Platform requirements
| Requirement | Details |
|---|---|
| Hardware | Apple Silicon Mac (Metal) |
| OS | macOS |
| Python | 3.12+ |
| Primary stack | MLX, mlx-lm, optional dflash-mlx for spec-dec |
For the full production fast path you also need the native extensions (lme_mlx_pread_ext, liblme_expert_io) and a checkpoint with a valid expert_sidecar/ layout. See Installation.
Two operating modes
mach-serve exposes one top-level selector: --streaming or --no-streaming. Backend and profile defaults are implied; you do not need separate --backend production flags for normal use.
| Mode | Flag | When to use |
|---|---|---|
| Streaming | --streaming | Experts streamed from SSD into a bounded GPU bank; full-expert sliced sidecar checkpoints; large prefill windows. Transient prefill + resident decode. |
| Resident stacked | --no-streaming | Machines with enough RAM to hold all experts resident, using a stacked-compatible MLX checkpoint. Fails fast if layout is incompatible. |
Use mach check to predict whether a given checkpoint fits your machine (fits / tight / wont_fit) before loading weights.
A third residency mode, bf16_streaming, is opt-in for full-precision bakeoffs against plain HF/SwiftLM stacked checkpoints. See Expert residency.
Generic, architecture-agnostic serving without the production optimizations uses --backend openai (mlx-lm path). See Serving.
Mental model
flowchart LR
ckpt["Checkpoint (config.json + safetensors + expert_sidecar/)"] --> load["load_moe(): detect arch, swap expert blocks"]
load --> residency["Expert residency: streaming | stacked | bf16_streaming"]
residency --> dispatch["GatherSwitchGLU dispatch via bounded GPU bank"]
dispatch --> decode["Decode loop"]
decode -->|"default"| specdec["DFlash v7 spec-dec (draft → verify → accept)"]
decode -->|"opt-in"| batch["Continuous batching scheduler (B up to 4)"]

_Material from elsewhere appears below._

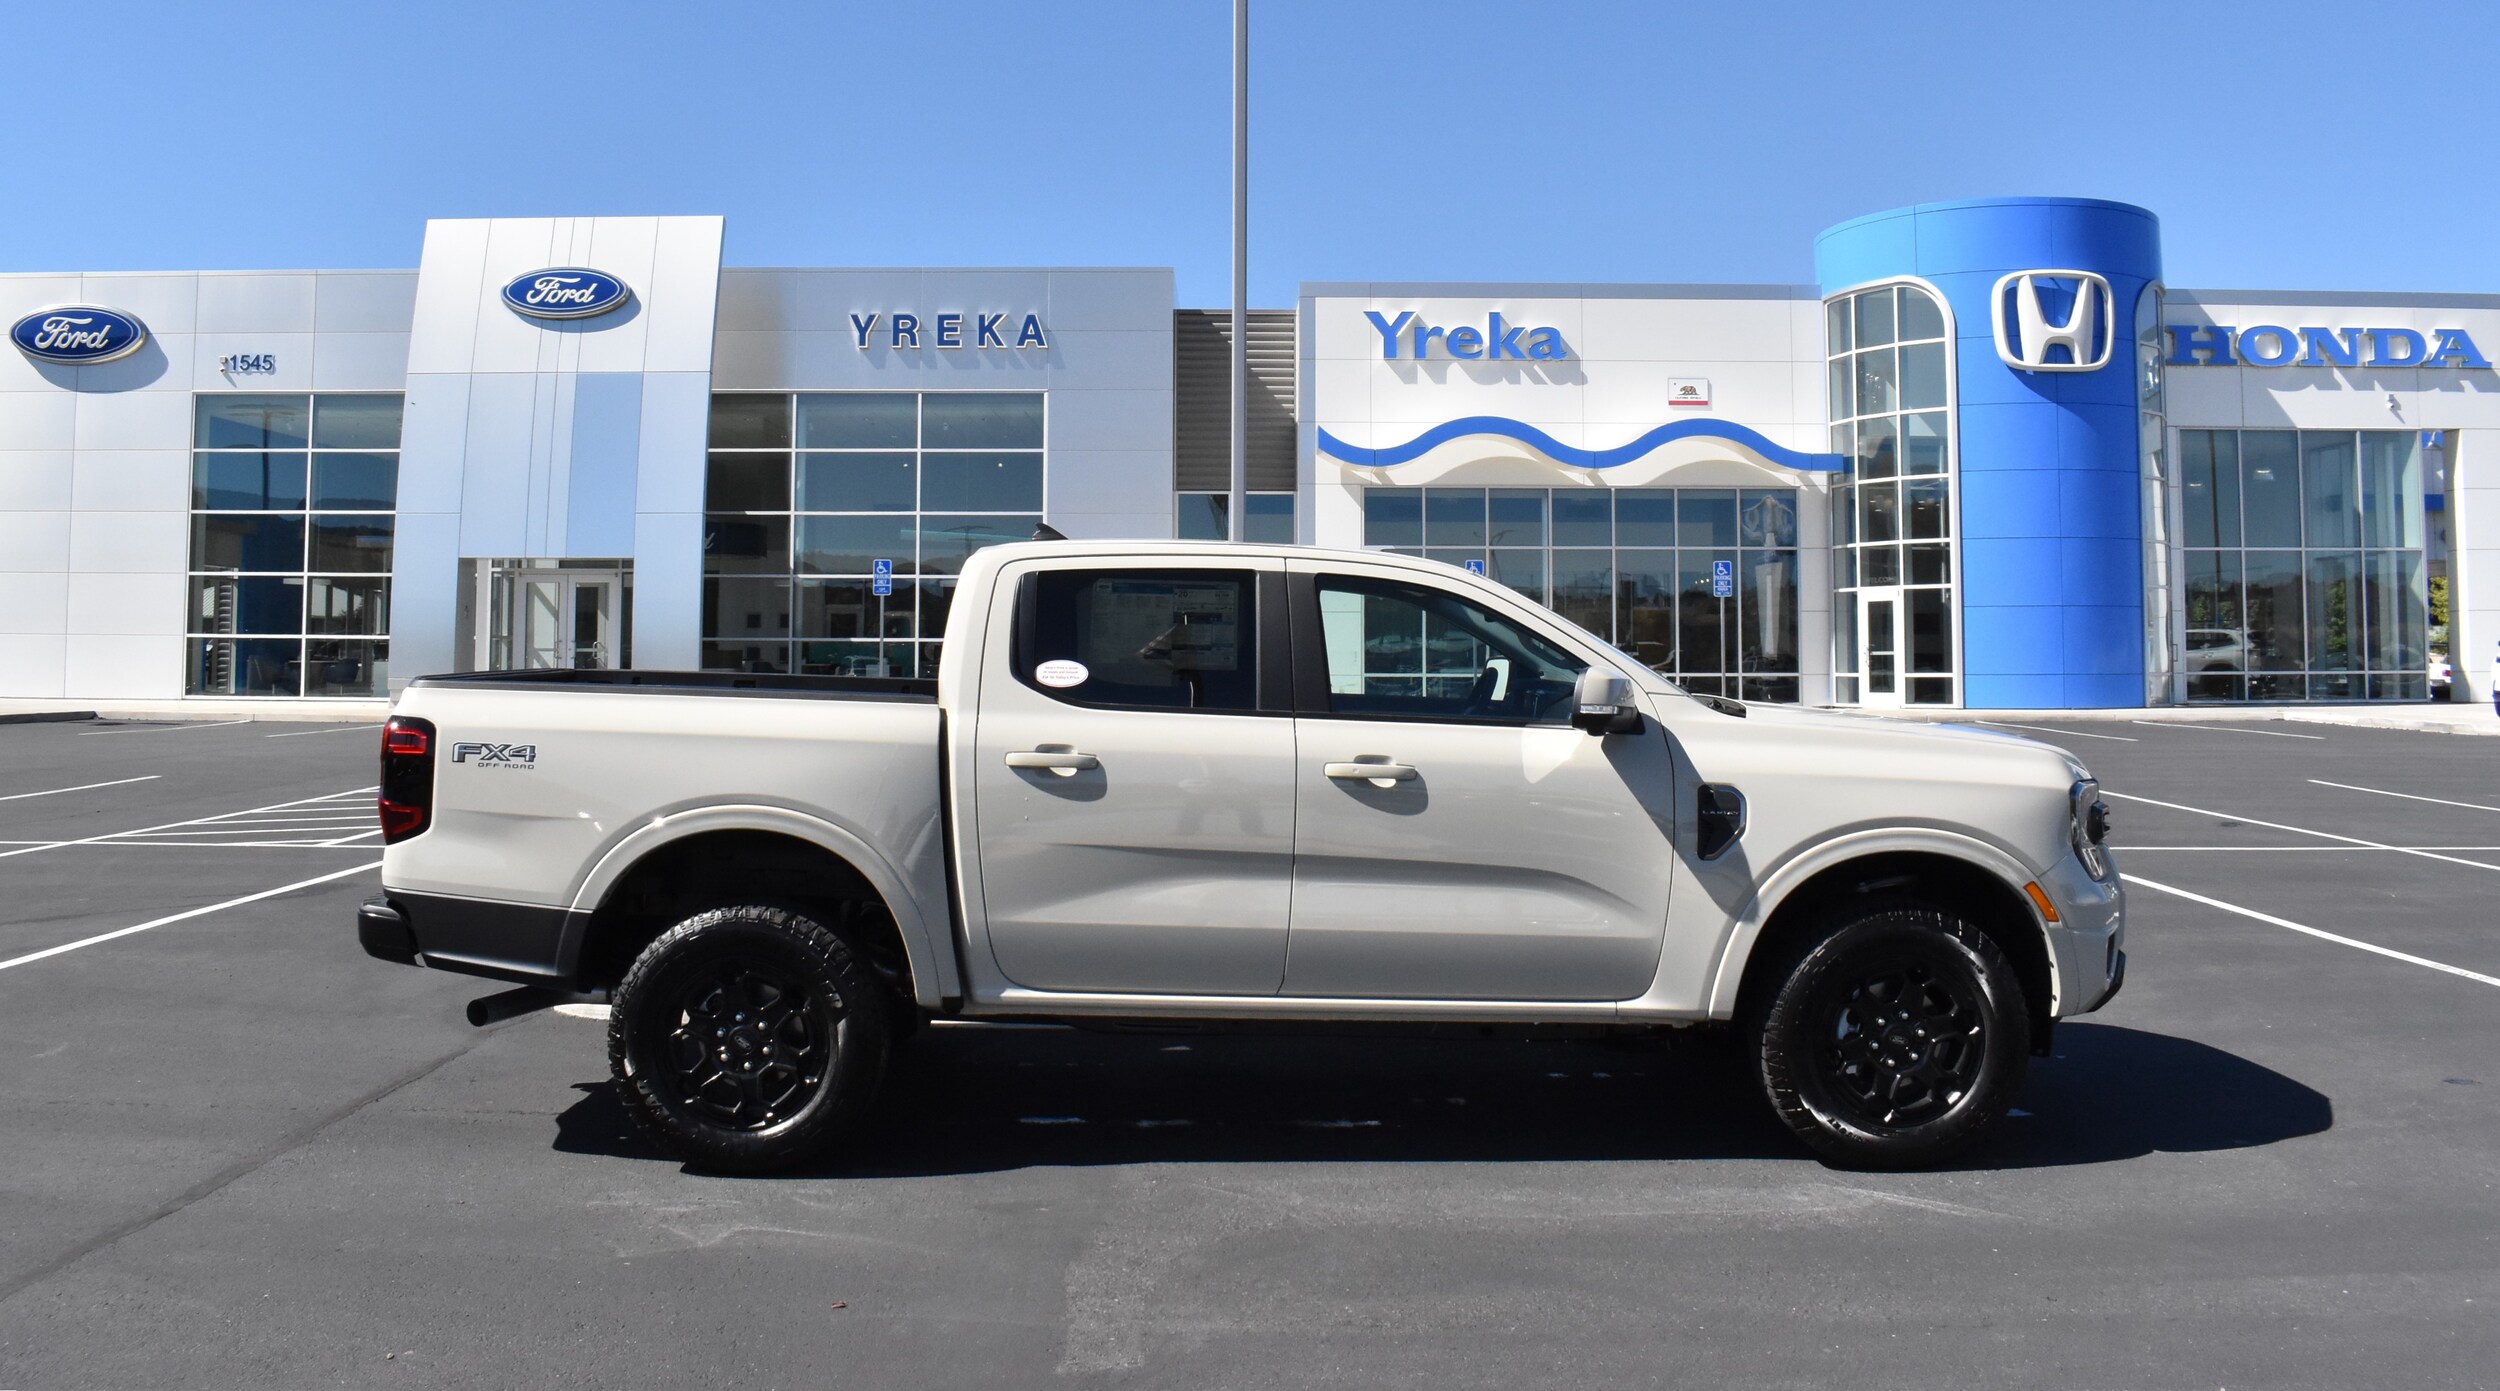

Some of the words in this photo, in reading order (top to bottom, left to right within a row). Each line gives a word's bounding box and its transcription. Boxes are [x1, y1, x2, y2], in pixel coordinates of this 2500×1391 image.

specdec --> serve["mach-serve: OpenAI /v1 API + SSE"]
batch --> serve
caches["Prefix cache (L2 disk + GDN snapshots) + optional TurboQuant KV"] --- decodeSupported architectures
Registered MoE families share a common load, swap, and dispatch pipeline. detect_arch() matches config.json against REGISTRY (MoeArchAdapter).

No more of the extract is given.